• _DATA FOR REVIEW_:
* * * * * * *
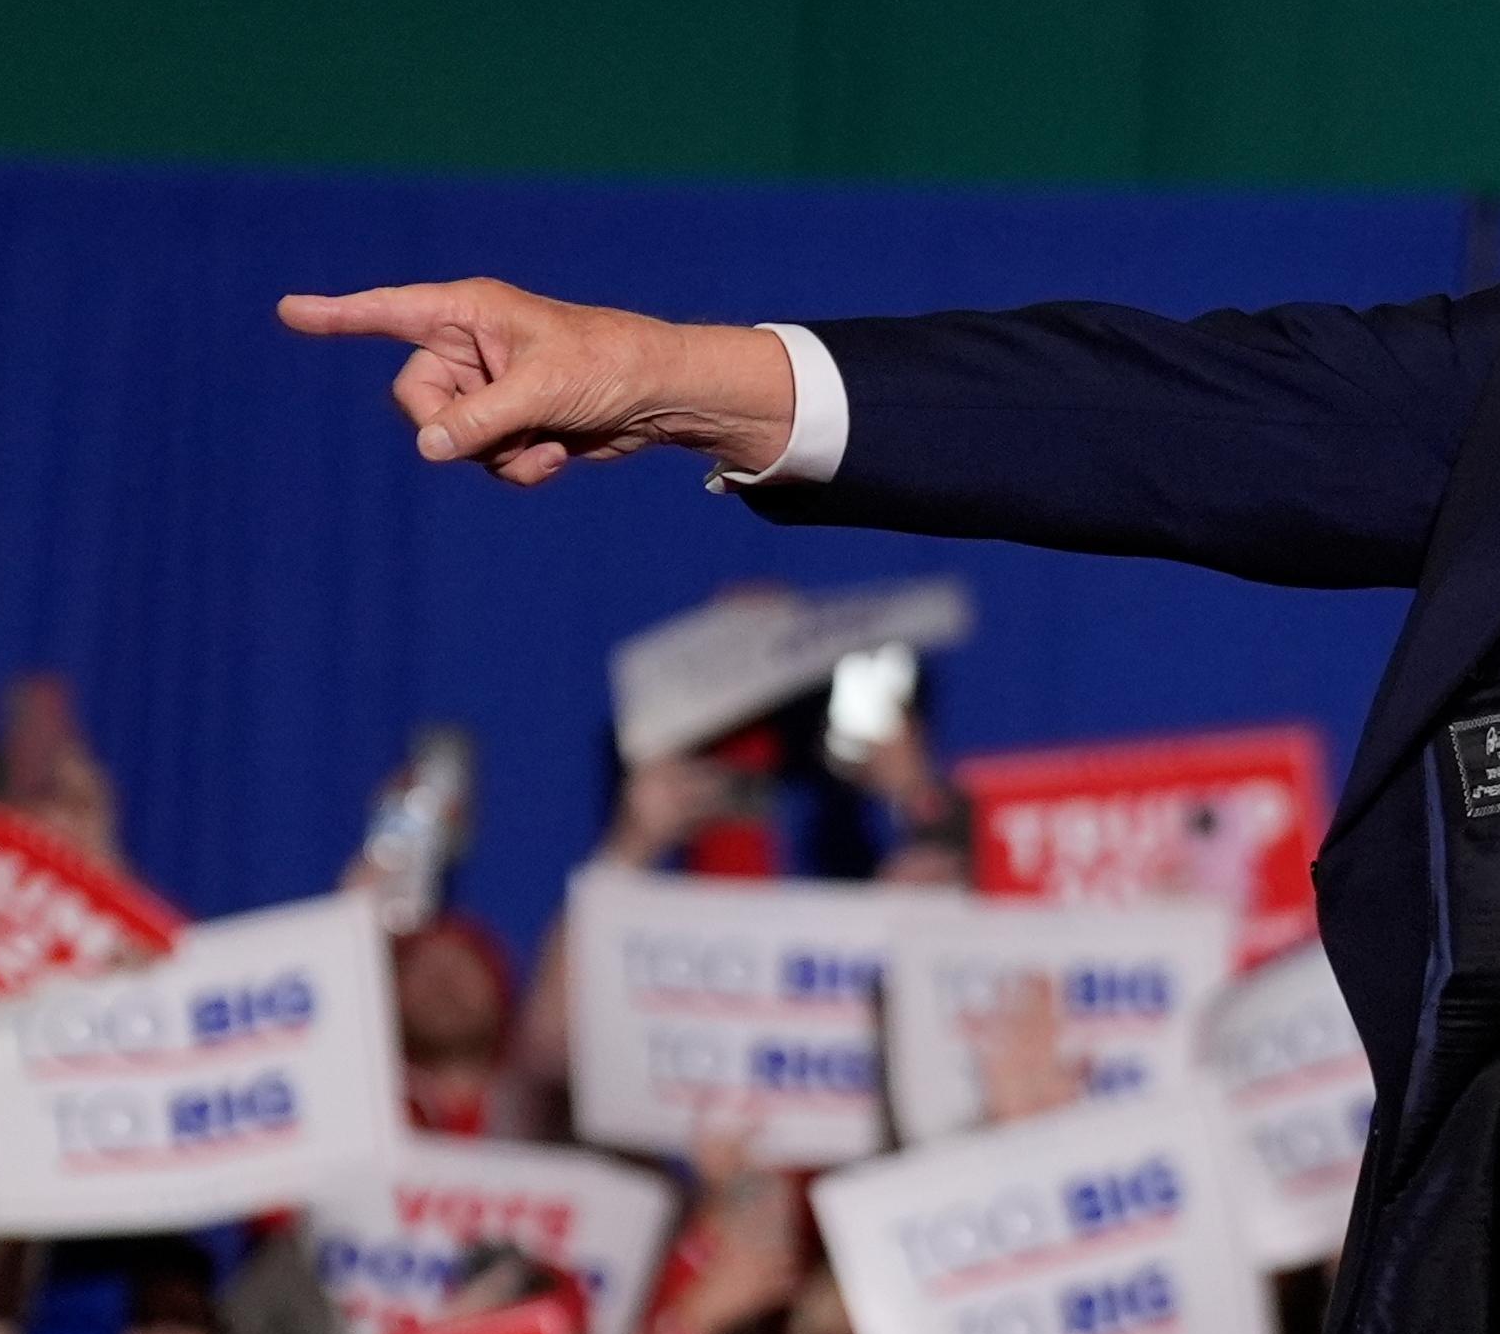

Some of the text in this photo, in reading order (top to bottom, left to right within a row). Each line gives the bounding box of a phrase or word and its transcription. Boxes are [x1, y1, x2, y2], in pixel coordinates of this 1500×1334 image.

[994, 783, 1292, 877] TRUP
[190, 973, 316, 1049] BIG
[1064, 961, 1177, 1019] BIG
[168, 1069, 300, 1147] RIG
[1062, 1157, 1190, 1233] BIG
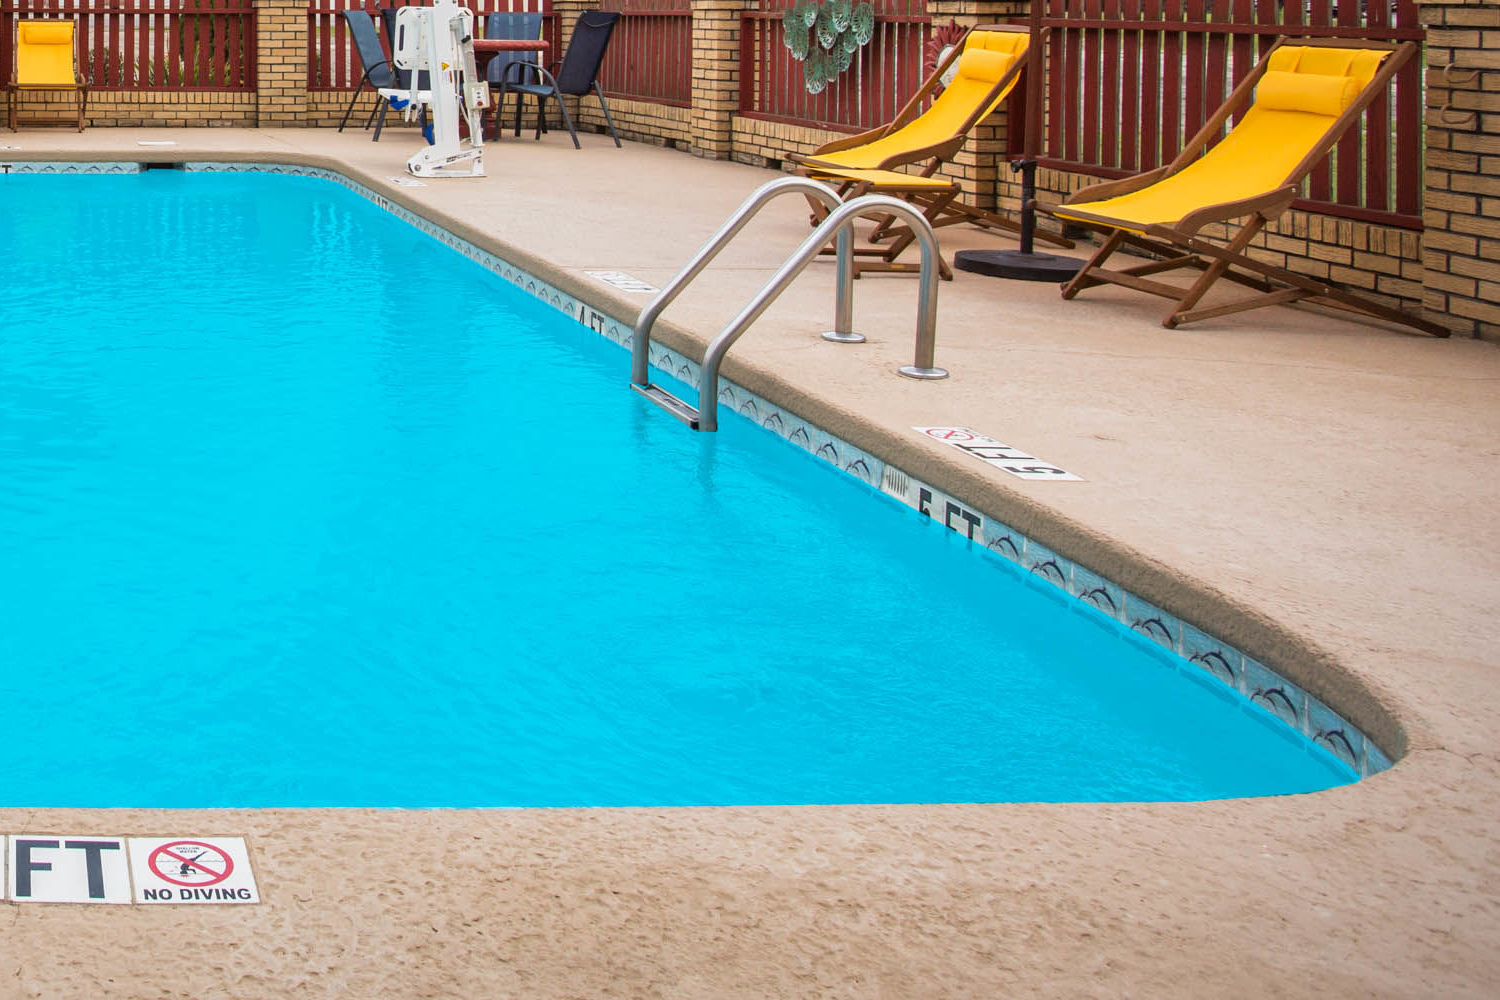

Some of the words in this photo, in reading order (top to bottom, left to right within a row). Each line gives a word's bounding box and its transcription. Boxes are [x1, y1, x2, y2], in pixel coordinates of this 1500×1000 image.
* * * * * * *
• _GOAL OF THE EXERCISE_: Leave out the pictures and return the listing exactly.

• _RESPONSE AREA_:
Some of the text in this photo, in reading order (top to bottom, left to right within a row). Each line gives the bounding box of a phrase or word and its transcription. Boxes are [x1, y1, x2, y2], in pixel coordinates of this 1500×1334 image.

[994, 783, 1292, 877] TRUP
[190, 973, 316, 1049] BIG
[1064, 961, 1177, 1019] BIG
[168, 1069, 300, 1147] RIG
[1062, 1157, 1190, 1233] BIG

Some of the words in this photo, in reading order (top to bottom, left to right within a row). Each line gives a word's bounding box and its transcription. Boxes are [x1, y1, x2, y2], in pixel coordinates of this 1500×1000 image.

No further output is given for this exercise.